(Provided records)

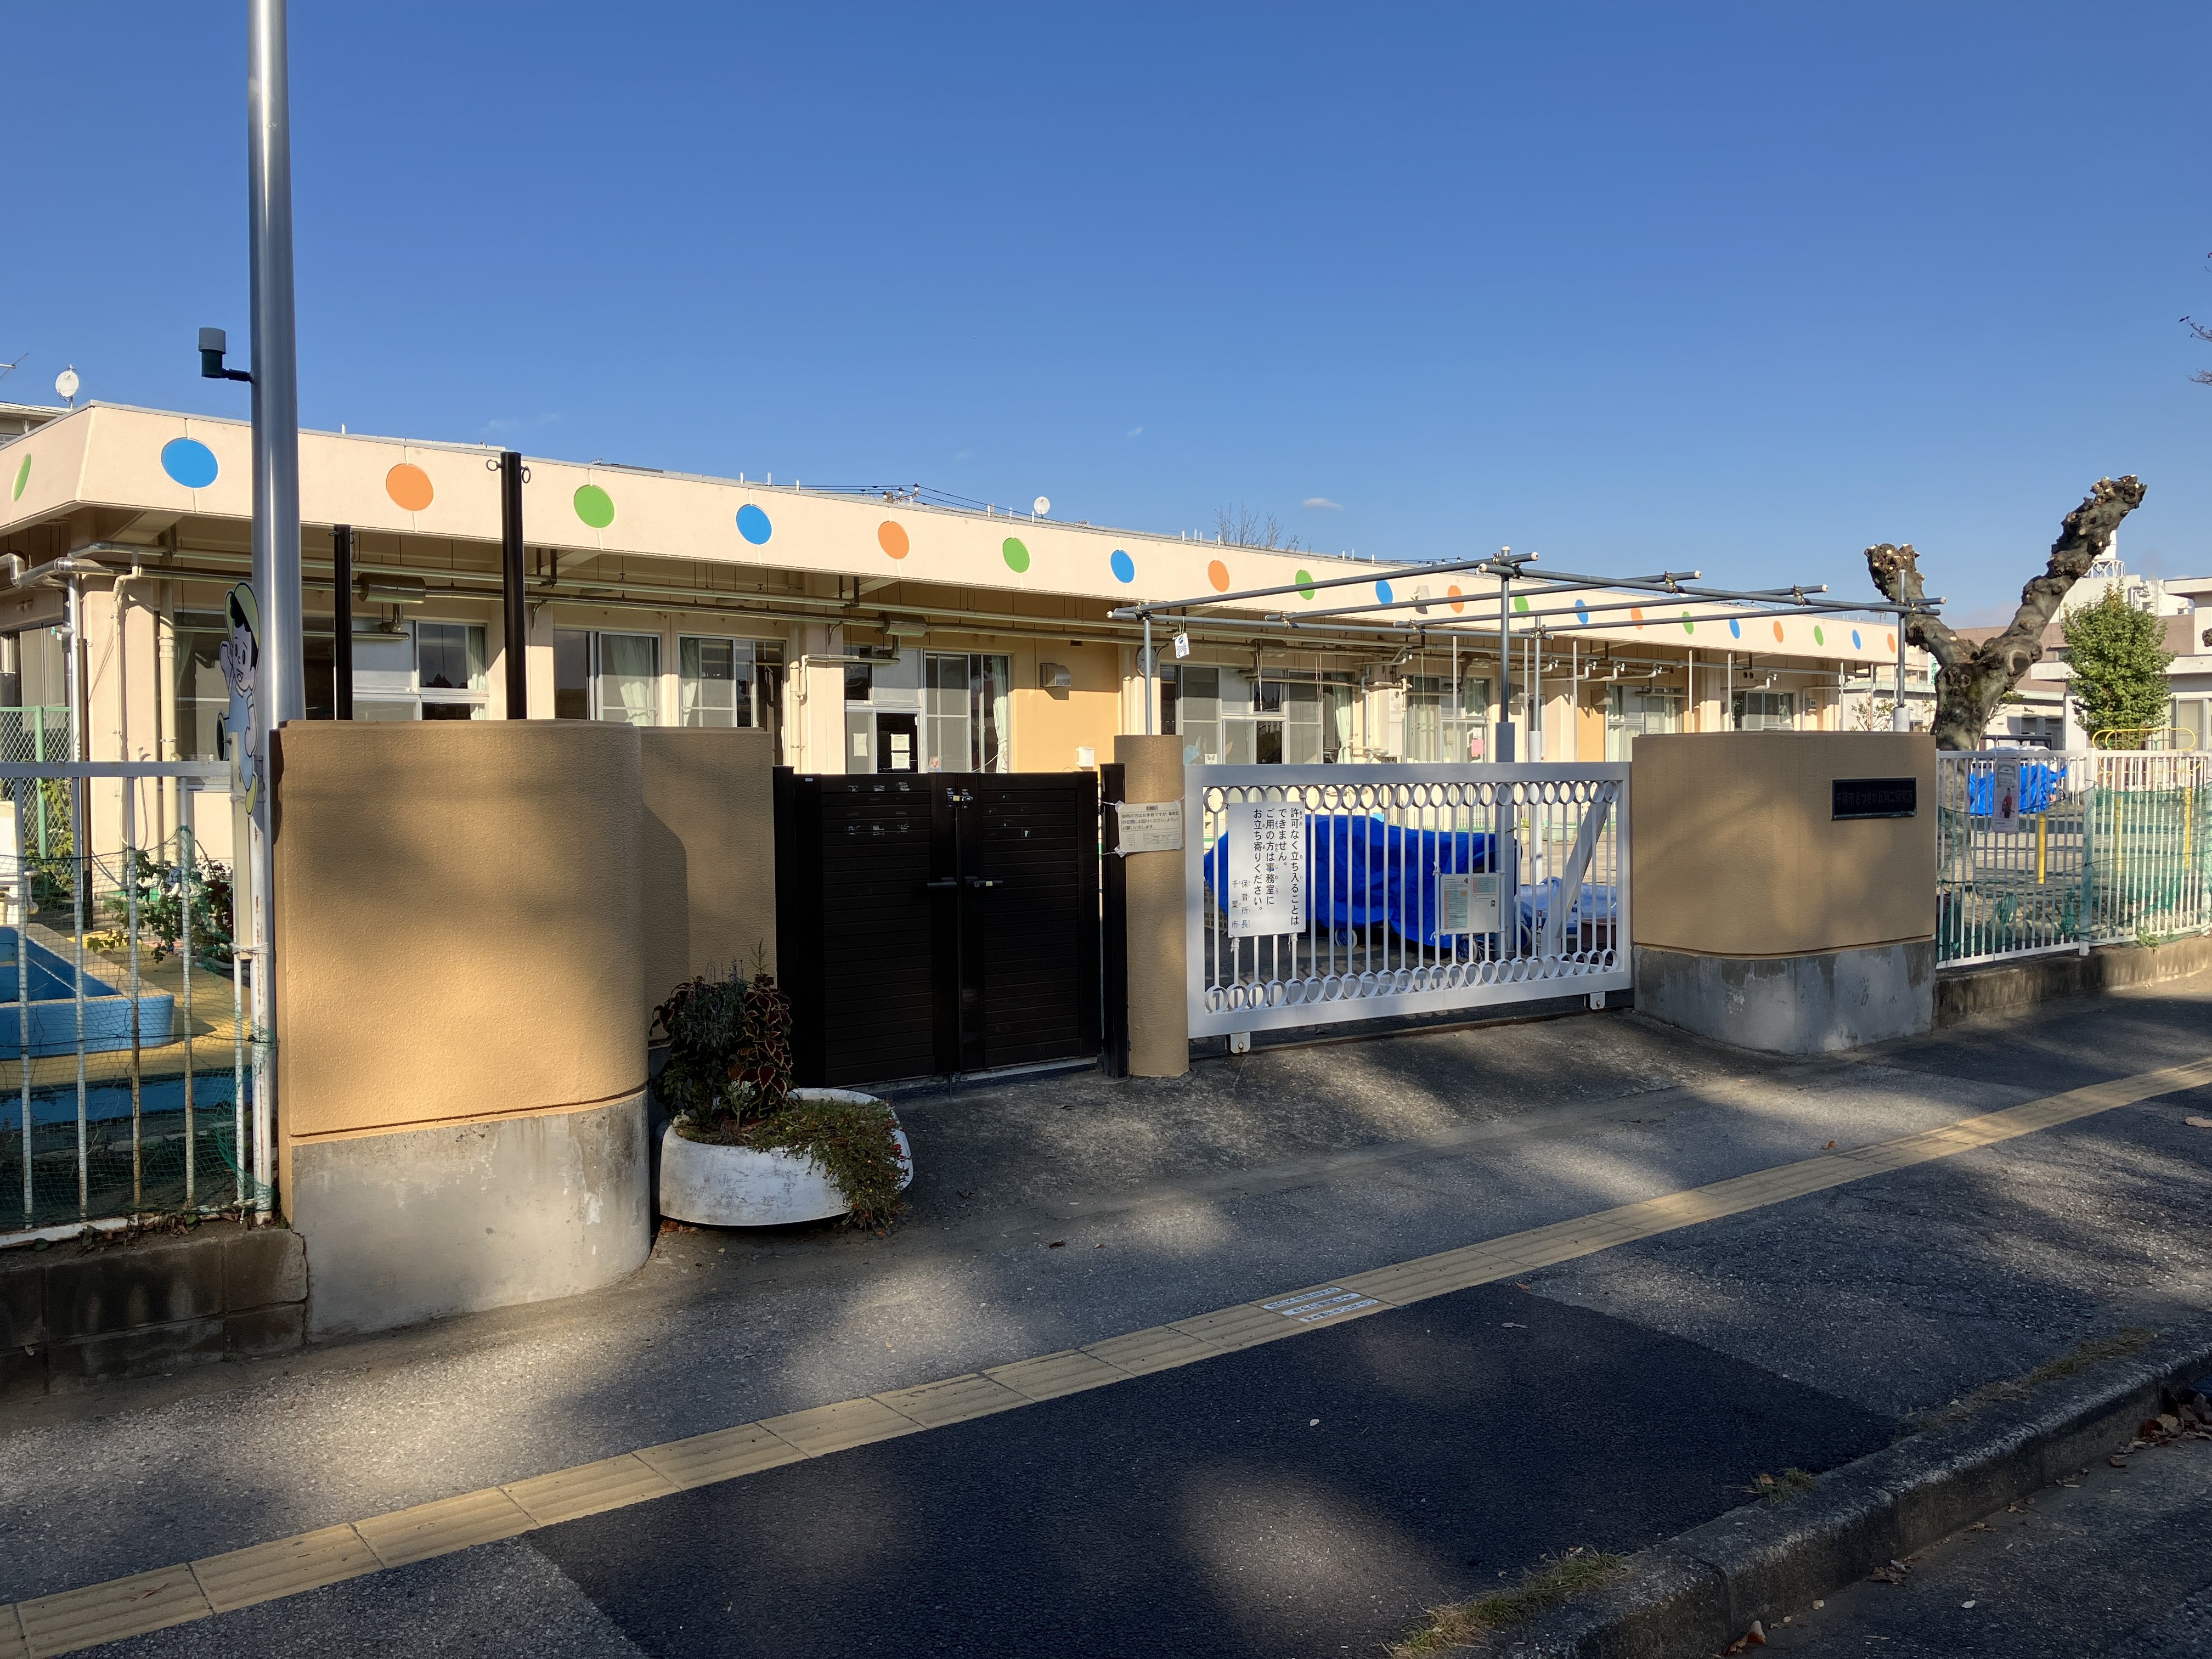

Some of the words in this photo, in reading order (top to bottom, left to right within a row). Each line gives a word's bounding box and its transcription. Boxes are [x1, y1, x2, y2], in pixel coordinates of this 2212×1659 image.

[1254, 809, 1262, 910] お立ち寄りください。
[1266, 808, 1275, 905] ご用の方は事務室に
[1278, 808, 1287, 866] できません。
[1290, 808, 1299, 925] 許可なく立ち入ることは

(End Provided records)

■ Exercise description:
This task calls for an exact copy of the data above, without pictures.

■ Exercise response:
Some of the words in this photo, in reading order (top to bottom, left to right within a row). Each line gives a word's bounding box and its transcription. Boxes are [x1, y1, x2, y2], in pixel coordinates of this 2212×1659 image.

[1254, 809, 1262, 910] お立ち寄りください。
[1266, 808, 1275, 905] ご用の方は事務室に
[1278, 808, 1287, 866] できません。
[1290, 808, 1299, 925] 許可なく立ち入ることは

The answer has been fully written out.